**Provided data**

***

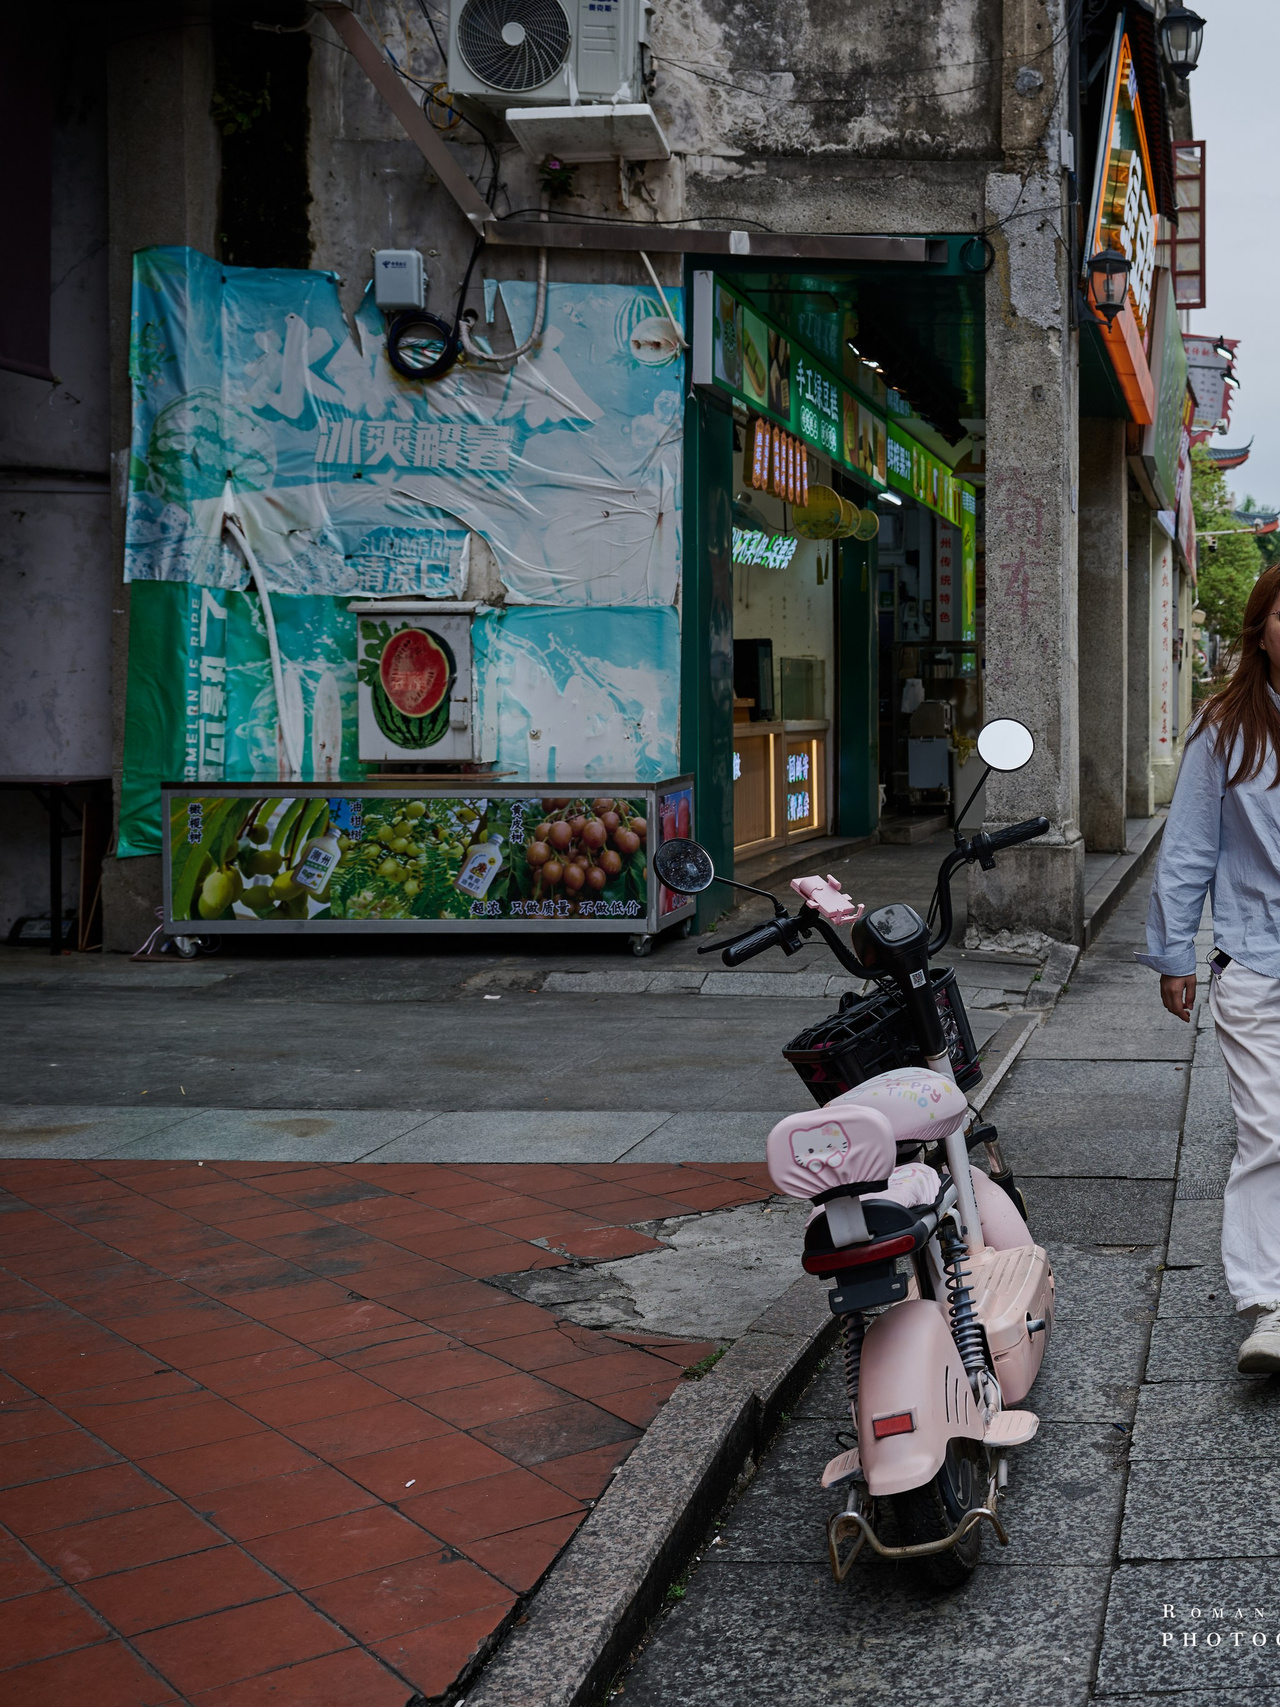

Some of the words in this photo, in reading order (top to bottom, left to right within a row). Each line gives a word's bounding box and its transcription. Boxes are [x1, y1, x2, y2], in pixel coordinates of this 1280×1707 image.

[314, 417, 510, 471] 冰爽解暑
[359, 536, 444, 559] SUMMER
[190, 598, 200, 647] RIPE
[511, 803, 524, 844] 黄皮树
[510, 900, 571, 916] 只做质量
[579, 899, 641, 916] 不做低价

***

**Work instructions**
The records above are to be copied exactly, without their pictures.

**Worked solution**
Some of the words in this photo, in reading order (top to bottom, left to right within a row). Each line gives a word's bounding box and its transcription. Boxes are [x1, y1, x2, y2], in pixel coordinates of this 1280×1707 image.

[314, 417, 510, 471] 冰爽解暑
[359, 536, 444, 559] SUMMER
[190, 598, 200, 647] RIPE
[511, 803, 524, 844] 黄皮树
[510, 900, 571, 916] 只做质量
[579, 899, 641, 916] 不做低价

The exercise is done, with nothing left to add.